Cependant cette armée suédoise, sortie de la Saxe si triomphante, n’était plus. La moitié avait péri de misère ; l’autre moitié était esclave ou massacrée. Charles XII avait perdu en un jour le fruit de neuf ans de travaux, et de près de cent combats. Il fuyait dans une méchante calèche, ayant à son côté le major général Hord, blessé dangereusement[2]. Le reste de sa troupe suivait, les uns à pied, les autres à cheval, quelques-uns dans des charrettes, à travers un désert où ils ne voyaient ni huttes, ni tentes, ni hommes, ni animaux, ni chemins ; tout y manquait, jusqu’à l’eau même. C’était dans le commencement de juillet. Le pays est situé au quarante-septième degré. Le sable aride du désert rendait la chaleur du soleil plus insupportable : les chevaux tombaient ; les hommes étaient près de mourir de soif. Un ruisseau d’eau bourbeuse[3] fut l’unique ressource qu’on trouva vers la nuit ; on remplit des outres de cette eau, qui sauva la vie à la petite troupe du roi de Suède. Après cinq jours de marche, il se trouva sur le rivage du fleuve Hypanis, aujourd’hui nommé le Bog par les barbares, qui ont défiguré jusqu’au nom de ces pays, que des colonies grecques firent fleurir autrefois. Ce fleuve se joint à quelques milles de là au Borysthène, et tombe avec lui dans la mer Noire.

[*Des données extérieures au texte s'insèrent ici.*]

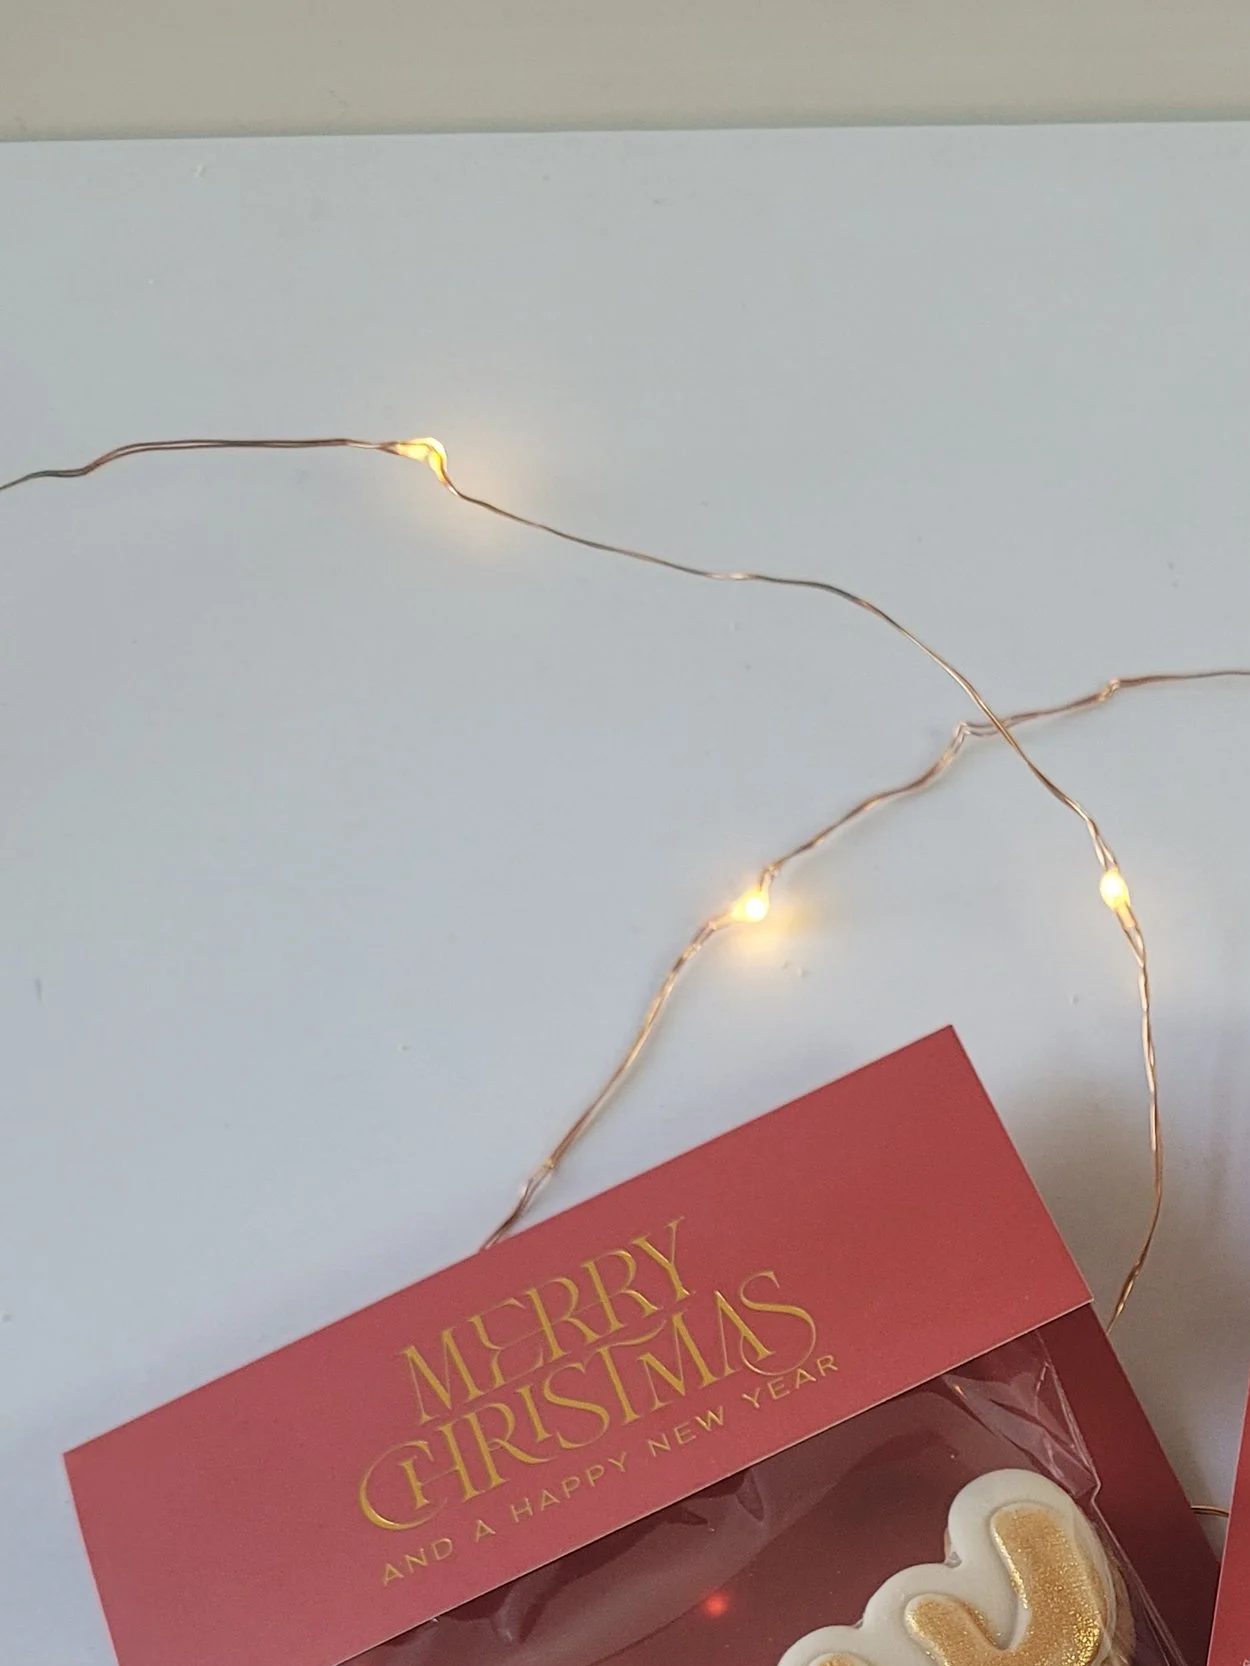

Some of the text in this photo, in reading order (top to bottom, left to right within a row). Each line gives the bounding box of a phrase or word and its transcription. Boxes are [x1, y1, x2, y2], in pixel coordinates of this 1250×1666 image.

[359, 1271, 817, 1530] CHRISTMAS
[400, 1216, 696, 1425] MERRY
[383, 1355, 838, 1585] AND A HAPPY NEW YEAR

Au delà du Bog, du côté du midi, est la petite ville d’Oczakov, frontière de l’empire des Turcs. Les habitants, voyant venir à eux une troupe de gens de guerre dont l’habillement et le langage leur étaient inconnus, refusèrent de les passer à Oczakov sans un ordre de Mehemet bacha, gouverneur de la ville. Le roi envoya un exprès[4] à ce gouverneur, pour lui demander le passage ; ce

  1. Cette dernière phrase est postérieure aux premières éditions.
  2. Ne croirait-on pas voir Napoléon fuyant seul avec Caulaincourt ? (G. A.)
  3. Ruisseau que Voltaire avait entouré à tort de saules dans les premières éditions.
  4. Poniatowski.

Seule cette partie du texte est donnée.